Skilled Labor: The development and utilization of human resources has emerged as one of the most important aspects of Iran's development strategy. As such, a trained, educated and skilled workforce is a must if Iran is to attain her developmental goals. As covered earlier in Chapter 1 massive successes have been achieved in the areas of literacy, vocational training and higher education, with the resultant effect that the major shortages in skilled and semi-skilled labor that were once plaguing Iran in the 1970's have now been replaced by a vast trained and educated pool of talent.

Power: The days of blackouts and brown outs are now history as Iran has emerged as a major electricity exporter as evidenced by an increase in power generation from 14,500 megawatts to 24,500 megawatts in the 1989-1996 period alone with a concurrent increase from 48,725 million kilowatts/hour to 87,000 million kilowatts per
 
 

hour. These steps are expected to be further bolstered by the opening of the power sector to foreign investment (see sidebox). Iran's utility rates (gas, electricity, water etc.) are among the lowest in the region providing a comparative advantage for utility intensive industries. Surplus electricity is now being exported to peripheral countries such as Armenia and Pakistan.

In sum, a look at the past reflects the fact that despite attracting the attention of many international companies before and after the oil windfall of the 1970's, the implementation of arbitrary politically oriented policies, (i.e. the share participation scheme), major lags in infrastructure and skilled and semi-skilled labor and the like served to discourage foreign investment in Iran as evidenced by the figures covered earlier.

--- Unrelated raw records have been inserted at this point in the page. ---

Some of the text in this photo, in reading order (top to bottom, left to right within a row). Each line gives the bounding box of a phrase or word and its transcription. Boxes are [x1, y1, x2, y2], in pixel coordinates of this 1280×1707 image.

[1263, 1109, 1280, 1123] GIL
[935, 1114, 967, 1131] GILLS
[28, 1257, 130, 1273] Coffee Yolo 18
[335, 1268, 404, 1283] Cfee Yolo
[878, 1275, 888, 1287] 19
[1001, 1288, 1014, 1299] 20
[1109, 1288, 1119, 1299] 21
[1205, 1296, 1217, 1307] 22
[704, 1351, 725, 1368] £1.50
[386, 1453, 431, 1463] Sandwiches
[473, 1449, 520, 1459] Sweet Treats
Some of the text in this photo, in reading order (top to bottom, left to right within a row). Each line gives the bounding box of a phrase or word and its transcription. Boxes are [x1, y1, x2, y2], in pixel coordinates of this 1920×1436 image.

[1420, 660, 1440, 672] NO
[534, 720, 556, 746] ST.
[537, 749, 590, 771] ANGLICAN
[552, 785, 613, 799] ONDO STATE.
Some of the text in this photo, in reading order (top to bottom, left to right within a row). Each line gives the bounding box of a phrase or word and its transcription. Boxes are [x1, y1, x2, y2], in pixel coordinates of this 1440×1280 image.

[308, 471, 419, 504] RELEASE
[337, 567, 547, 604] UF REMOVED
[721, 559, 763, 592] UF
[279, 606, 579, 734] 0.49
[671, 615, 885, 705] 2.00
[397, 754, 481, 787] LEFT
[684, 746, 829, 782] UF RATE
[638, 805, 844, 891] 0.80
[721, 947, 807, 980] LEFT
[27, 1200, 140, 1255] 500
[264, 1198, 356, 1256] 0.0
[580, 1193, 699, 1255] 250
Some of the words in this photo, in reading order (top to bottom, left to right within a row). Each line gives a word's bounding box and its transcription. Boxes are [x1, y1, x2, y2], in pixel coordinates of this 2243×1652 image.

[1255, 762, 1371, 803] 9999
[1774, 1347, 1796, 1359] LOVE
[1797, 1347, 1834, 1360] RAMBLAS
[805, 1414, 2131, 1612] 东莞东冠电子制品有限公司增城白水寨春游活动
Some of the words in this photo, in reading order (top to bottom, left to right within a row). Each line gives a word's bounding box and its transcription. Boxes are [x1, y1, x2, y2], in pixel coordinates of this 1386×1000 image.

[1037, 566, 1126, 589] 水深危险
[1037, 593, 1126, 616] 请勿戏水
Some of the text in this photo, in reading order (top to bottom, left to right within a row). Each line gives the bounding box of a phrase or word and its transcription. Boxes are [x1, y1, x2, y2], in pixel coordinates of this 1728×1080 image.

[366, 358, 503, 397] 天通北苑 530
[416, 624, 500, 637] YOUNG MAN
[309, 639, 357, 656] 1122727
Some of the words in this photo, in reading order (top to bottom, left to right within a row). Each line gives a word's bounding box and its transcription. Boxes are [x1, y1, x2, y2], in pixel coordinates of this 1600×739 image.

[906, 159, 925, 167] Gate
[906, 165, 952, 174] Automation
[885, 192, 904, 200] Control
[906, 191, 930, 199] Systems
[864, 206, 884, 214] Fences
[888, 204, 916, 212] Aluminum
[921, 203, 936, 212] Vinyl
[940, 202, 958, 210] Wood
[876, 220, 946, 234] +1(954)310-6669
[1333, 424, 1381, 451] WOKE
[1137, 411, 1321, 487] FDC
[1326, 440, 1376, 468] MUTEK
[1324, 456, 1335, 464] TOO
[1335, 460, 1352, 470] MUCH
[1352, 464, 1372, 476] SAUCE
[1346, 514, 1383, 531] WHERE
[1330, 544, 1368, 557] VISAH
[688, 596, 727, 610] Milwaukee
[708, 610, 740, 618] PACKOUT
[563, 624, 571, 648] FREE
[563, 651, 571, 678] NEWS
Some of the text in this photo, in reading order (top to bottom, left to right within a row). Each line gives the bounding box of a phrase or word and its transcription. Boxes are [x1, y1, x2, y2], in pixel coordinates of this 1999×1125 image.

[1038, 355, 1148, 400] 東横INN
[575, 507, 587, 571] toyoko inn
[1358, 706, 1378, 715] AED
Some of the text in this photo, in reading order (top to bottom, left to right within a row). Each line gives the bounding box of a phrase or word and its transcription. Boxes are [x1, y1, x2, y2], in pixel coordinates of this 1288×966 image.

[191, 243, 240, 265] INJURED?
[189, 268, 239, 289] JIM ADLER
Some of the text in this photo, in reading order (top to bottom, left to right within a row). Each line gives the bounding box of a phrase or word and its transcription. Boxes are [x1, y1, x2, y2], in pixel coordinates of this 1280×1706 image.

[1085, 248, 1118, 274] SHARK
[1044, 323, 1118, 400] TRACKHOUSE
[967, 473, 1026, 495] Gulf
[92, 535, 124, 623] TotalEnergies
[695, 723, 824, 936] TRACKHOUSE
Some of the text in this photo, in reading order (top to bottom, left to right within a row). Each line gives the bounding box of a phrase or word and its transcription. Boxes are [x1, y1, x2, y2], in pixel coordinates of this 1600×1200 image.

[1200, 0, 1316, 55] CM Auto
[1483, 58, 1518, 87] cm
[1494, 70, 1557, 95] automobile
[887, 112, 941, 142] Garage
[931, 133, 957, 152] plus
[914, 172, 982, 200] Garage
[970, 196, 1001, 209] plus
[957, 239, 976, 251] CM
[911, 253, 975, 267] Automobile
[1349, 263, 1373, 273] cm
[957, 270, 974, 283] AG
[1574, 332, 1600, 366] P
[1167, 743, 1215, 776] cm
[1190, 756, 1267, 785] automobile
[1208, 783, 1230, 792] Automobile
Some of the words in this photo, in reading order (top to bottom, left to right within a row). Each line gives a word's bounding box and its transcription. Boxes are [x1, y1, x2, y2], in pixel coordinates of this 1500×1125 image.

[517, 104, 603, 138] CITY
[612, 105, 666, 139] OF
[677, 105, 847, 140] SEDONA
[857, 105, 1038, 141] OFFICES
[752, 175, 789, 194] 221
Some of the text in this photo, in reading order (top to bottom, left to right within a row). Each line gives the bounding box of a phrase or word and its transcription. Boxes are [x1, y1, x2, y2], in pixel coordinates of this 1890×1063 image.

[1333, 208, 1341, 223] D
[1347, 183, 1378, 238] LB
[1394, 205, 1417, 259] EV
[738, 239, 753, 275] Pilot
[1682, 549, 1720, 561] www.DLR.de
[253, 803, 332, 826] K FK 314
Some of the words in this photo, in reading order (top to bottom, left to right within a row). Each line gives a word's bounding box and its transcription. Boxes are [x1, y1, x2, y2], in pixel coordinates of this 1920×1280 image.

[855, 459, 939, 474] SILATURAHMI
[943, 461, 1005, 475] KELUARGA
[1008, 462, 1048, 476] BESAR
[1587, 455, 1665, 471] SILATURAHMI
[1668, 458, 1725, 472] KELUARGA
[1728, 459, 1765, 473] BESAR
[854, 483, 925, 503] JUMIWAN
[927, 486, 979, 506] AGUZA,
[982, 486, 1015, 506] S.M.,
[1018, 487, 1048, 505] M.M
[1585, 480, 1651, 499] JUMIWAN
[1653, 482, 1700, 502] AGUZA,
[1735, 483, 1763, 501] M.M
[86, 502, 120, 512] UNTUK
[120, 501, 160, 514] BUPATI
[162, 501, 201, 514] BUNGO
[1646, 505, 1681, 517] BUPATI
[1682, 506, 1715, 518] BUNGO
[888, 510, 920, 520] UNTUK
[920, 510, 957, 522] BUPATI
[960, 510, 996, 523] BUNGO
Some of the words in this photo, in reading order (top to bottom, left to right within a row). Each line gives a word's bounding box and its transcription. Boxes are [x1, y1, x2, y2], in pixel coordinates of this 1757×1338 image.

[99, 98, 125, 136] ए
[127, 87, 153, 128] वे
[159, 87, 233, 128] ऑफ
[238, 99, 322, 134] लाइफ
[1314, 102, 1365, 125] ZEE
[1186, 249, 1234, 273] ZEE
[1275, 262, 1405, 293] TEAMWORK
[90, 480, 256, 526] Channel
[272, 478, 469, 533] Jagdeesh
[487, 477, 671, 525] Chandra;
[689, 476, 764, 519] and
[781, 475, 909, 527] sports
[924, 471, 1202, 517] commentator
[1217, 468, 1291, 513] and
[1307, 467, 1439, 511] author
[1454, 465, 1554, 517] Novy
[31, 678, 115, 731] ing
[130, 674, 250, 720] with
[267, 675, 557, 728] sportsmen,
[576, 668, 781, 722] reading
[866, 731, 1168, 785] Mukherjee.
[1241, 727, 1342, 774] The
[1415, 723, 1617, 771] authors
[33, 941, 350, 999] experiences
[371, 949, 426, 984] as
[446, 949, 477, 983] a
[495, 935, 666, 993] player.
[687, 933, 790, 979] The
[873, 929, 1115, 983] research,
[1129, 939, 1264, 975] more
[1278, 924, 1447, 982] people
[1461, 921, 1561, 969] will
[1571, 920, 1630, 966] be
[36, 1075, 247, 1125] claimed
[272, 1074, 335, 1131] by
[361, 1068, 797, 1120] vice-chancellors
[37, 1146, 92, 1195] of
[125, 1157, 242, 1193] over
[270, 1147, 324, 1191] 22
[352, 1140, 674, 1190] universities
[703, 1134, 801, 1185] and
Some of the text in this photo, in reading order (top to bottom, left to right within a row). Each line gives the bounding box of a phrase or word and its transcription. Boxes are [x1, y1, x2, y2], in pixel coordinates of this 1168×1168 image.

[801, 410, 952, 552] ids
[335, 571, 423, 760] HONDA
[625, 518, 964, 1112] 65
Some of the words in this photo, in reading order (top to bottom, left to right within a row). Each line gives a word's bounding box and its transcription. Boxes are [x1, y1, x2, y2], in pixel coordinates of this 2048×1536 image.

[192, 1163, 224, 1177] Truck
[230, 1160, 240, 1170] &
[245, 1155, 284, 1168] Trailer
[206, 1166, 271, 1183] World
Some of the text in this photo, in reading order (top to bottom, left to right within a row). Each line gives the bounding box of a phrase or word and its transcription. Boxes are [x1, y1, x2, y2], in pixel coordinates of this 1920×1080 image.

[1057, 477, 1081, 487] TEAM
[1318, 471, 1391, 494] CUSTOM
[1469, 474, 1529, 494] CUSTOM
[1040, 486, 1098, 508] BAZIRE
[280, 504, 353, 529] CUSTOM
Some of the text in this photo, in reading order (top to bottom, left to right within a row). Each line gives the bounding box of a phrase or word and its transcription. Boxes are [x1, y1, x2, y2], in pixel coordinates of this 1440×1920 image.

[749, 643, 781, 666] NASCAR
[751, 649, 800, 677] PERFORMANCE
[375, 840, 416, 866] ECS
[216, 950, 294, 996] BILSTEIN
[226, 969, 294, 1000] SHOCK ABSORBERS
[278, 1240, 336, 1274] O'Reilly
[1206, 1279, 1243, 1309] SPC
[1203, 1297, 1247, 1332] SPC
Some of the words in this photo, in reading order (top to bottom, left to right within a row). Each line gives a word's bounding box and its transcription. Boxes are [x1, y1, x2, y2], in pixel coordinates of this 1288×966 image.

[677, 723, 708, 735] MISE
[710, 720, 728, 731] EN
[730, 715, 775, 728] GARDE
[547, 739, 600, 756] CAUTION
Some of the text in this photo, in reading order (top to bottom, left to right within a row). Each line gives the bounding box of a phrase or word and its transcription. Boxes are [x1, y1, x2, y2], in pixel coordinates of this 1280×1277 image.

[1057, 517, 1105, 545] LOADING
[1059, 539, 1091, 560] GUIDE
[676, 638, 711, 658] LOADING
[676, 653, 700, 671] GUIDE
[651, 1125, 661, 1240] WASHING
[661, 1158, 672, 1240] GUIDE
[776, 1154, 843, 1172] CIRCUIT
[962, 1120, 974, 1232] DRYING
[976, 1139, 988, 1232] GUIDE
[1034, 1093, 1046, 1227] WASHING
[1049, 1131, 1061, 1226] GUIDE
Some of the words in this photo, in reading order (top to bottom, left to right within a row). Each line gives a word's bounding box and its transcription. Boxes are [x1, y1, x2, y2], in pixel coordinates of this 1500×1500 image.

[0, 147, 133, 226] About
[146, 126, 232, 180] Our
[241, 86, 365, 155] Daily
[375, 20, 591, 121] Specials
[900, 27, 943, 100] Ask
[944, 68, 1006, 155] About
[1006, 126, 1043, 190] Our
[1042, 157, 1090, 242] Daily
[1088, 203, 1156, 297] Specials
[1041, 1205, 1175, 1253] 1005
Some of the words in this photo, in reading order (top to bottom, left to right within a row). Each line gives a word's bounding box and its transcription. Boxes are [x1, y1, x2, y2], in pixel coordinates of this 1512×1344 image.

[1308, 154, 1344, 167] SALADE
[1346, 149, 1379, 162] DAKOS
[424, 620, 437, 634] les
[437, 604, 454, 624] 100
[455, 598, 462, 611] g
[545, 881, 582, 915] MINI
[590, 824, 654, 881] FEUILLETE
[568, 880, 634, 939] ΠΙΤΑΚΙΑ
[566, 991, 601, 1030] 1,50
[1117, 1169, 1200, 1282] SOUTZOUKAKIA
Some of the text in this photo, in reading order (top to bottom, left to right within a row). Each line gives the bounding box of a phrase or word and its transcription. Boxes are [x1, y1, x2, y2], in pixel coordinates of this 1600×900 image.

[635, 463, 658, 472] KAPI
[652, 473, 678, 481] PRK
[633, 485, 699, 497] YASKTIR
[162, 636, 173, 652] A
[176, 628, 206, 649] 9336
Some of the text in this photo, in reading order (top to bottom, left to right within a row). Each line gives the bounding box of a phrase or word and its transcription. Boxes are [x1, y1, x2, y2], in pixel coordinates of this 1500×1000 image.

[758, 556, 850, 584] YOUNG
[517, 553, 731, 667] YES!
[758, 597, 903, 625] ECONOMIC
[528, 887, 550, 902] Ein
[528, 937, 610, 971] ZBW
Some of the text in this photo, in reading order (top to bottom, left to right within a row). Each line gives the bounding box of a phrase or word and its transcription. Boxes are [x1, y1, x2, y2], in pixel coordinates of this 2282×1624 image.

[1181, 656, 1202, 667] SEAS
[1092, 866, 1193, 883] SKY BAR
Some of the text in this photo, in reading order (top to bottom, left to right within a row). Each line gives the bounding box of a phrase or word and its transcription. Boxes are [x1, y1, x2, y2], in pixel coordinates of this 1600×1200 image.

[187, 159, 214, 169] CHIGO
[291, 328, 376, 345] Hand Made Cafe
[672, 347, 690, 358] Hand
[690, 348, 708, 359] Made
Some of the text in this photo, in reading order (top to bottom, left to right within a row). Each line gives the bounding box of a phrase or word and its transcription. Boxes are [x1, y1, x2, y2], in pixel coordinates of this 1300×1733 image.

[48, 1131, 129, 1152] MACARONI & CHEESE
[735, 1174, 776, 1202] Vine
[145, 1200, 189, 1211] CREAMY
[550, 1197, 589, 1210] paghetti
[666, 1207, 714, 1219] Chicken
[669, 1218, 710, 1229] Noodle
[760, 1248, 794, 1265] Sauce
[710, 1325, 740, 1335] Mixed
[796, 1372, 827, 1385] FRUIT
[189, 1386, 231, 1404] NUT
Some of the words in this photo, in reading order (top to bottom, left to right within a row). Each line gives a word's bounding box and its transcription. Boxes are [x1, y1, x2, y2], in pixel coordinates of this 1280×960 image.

In the Iran of today however, as can be clearly seen to any visitor as well as from available statistics, Iran's economic and infrastructural development has been well under way , laying the foundation for a bright industrial future. With the largest market in the Middle East , a strategic geo-economic position presenting access to a market of over 330 million, abundant natural resources, raw materials, industries, educated and disciplined workforce, and a well developed financial infrastructure, combined with cross country and regional rail linkages, highways, modern office blocks and a state of the art telecommunications network buoyed by intelligent networks, fiber optic links and satellites has led many to identify these characteristics as the prime market in the area and as a growing magnet for foreign investment. The attraction of in excess of $750 million in foreign investment in the last three years, while seemingly small in comparison to existing potential, has already far exceeded the figures achieved during the oil boom years. It is of note that these figures exclude the recent investments in Iran's oil sector as exemplified by the investments undertaken by the likes of France's TOTAL, Malaysia's Petronas and Russia's GAZPROM in the $ 600 million Sirri oil project and the $ 2 billion South Pars Gas project.

INSTITUTIONAL FRAMEWORK:

In order to sustain and maintain such advances by Iran, a predictable and equitable institutional framework is required. Such a framework must include basic steps such as comprehensive laws and regulations geared towards economic development as well as investor security. On the domestic front, Iran's Islamic legal and economic system is geared specifically towards the key aspects of economic development - private property, profit incentives and eternal reward for hard work, all

within the framework of the ethical norms set forth in the Holy Quran. Concurrently however, a precise and all encompassing set of foreign investment regulations specifically geared towards investor security are also in place which are covered below.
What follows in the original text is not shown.